Salts are not intended to be secrets.
If you want to treat a salt as if it was a private key, that would only provide additional protection for the very specific circumstance where the user hash is compromised, but the corresponding salt was not.
> then the rainbow table for that account can be computed entirely offline
So you basically bruteforce the password for a specific account before you get the actual hash but after you know the hashing scheme? I don’t see how this helps with any sort of attack though.
No, rainbow tables are hash-input specific. They're user-specific only if the salt is user-unique. Usernames aren't normally part of the hash input because they're assumed-public knowledge.
You can test this for yourself by creating a user account, then editing the master password database and manually changing the username without recalculating the password hash. The password will still work. If the username was part of the hash input, the password would fail.
You complained about them salting using the public username as salt. You asserted that this makes the rainbow table computable offline. I asserted that this didn't matter much for security since the table for H(username || secret) is username specific and not reusable for other usernames. Since precomputed rainbow tables consume quite a bit of space it is rather unlikely that anyone would have such a table stored for any random username.
Though you can salt a hash using a function that does not take a distinct salt input by just concatenating the salt with the value. This is a relatively common practice, but of course only works if there is no truncation of the salted input.
A delimiter fixes the problem if you're sure the delimiter character can never be inside the username and password. Better would be to prefix the length of each field. Better still would be separately hashing each field and concatenating the results.
Personally, I like a fixed uint8 or uint16 representing the length of each segment. Then, there are no forbidden characters or quoting required.

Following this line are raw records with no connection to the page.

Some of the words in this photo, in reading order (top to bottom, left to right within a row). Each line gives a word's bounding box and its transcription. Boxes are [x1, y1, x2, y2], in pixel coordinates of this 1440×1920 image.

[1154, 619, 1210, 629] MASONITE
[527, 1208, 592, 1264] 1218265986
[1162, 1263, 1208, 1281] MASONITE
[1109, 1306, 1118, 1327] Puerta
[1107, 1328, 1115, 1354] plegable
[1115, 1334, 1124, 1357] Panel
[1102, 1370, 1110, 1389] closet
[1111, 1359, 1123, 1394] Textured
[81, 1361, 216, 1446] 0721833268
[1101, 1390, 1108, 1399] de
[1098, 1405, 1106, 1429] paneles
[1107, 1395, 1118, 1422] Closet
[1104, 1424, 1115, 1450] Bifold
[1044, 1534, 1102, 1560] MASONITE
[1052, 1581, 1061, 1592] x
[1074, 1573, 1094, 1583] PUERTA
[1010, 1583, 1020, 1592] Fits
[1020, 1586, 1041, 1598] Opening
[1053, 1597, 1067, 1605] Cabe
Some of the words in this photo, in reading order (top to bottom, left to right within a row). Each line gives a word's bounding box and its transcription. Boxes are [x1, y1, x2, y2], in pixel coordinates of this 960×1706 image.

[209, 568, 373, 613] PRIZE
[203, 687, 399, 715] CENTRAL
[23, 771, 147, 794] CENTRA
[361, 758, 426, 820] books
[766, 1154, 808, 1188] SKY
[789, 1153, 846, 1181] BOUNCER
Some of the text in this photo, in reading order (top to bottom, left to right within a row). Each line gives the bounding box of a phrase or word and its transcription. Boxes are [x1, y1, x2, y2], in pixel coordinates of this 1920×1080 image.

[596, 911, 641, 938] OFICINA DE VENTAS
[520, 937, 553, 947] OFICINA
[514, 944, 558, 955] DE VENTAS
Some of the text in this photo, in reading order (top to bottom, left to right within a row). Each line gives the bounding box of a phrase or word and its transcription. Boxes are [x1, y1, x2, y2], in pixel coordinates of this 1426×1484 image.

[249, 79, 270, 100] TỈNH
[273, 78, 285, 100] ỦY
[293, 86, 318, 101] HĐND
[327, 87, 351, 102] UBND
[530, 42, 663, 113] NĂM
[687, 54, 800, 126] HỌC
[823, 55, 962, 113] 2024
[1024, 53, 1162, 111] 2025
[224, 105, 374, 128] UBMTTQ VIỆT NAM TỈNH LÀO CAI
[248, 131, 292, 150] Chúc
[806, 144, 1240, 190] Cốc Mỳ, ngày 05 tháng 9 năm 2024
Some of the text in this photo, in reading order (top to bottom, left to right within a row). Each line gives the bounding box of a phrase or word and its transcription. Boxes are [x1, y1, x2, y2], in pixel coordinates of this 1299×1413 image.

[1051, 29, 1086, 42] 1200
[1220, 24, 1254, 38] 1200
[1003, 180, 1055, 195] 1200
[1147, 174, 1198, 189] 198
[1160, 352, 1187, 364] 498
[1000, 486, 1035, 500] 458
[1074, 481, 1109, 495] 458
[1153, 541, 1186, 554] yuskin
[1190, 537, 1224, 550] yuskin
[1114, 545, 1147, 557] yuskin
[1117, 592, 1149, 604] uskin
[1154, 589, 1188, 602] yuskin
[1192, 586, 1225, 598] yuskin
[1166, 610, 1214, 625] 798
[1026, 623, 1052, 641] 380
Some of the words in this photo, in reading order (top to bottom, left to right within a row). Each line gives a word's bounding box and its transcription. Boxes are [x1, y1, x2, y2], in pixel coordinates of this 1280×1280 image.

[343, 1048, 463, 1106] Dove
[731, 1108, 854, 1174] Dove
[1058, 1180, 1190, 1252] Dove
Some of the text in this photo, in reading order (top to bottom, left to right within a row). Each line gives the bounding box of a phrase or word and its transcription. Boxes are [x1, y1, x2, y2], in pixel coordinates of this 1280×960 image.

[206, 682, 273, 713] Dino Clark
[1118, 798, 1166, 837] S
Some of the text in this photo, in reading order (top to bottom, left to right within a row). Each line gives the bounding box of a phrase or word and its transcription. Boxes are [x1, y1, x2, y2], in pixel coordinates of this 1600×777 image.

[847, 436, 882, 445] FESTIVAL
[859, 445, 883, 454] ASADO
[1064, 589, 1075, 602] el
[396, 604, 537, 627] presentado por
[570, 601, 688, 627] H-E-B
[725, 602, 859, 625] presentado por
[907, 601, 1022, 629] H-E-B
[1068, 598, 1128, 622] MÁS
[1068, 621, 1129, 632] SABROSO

Maybe I want to have \0 in my password.
You still need to make sure nulls can't show up, and you need to consider possible truncation scenarios caused by those nulls and make sure they won't cause silent failures at any point.
One pattern I bump up against from time to time is the delta between using a perfectly defensible technique for a given use-case (safe delimiters when constructing an input for a specific function) versus a desire to have each decision be driven by some universal law (e.g. "if you're streaming data between services, using null bytes as delimiters might not be safe if consuming services may truncate at null bytes, so NEVER use null bytes as delimiters because they can be unsafe")
It's not even a matter of one "side" being right or wrong. You can simultaneously be right that this is perfectly safe in this use-case, while someone else can be right to be concerned ("need to consider possible") because the code will forever be one refactor or copy/paste away from this concatenated string being re-used somewhere else.
Also, we're talking about user_id not user_email, so it should be the same length always. Well, unless you're silly and using databases sequence for IDs.
This is obviously a huge mistake by Okta (for the love of God understand how your crypto functions work before you apply them) but at the same time, a crypto function with a maximum input length that also auto-truncates the data sounds like bad API design. You are basically asking for someone to goof up and make a mistake. It's much better to implement these things defensively so that the caller doesn't inadvertently make a mistake. Especially with a hashing algorithm, because there is no way to verify that the result is correct.
Agree with the spirit of the argument, but I disagree about the bad design. BCrypt has its trade-offs, you are expected to know how to use it when using it, specially if by choice.
It's like complaining about how dangerous an axe is because it's super sharp. You don't complain, you just don't grab the blade section, you grab it by the handle. And
If passing more than 72 bytes to a function makes it silently fail, it IS bad design, especially for a sensitive, security-related function. The first condition in the function should be `if len(input) > 72 then explicitly fail`
Not letting people use your API incorrectly is API design 101.
To be clear this is not the fault of the bcrypt algorithm, all algorithms have their limitations. This is the fault of bcrypt libs everywhere, when they implement bcrypt, they should add this check, and maybe offer an unsafe_ alternative without the check.
There is no other answer than this. Silent failures are never acceptable, even if documented. Because despite what we want to believe about the world, people don’t read the docs, or read them and forget, or read them and misunderstand.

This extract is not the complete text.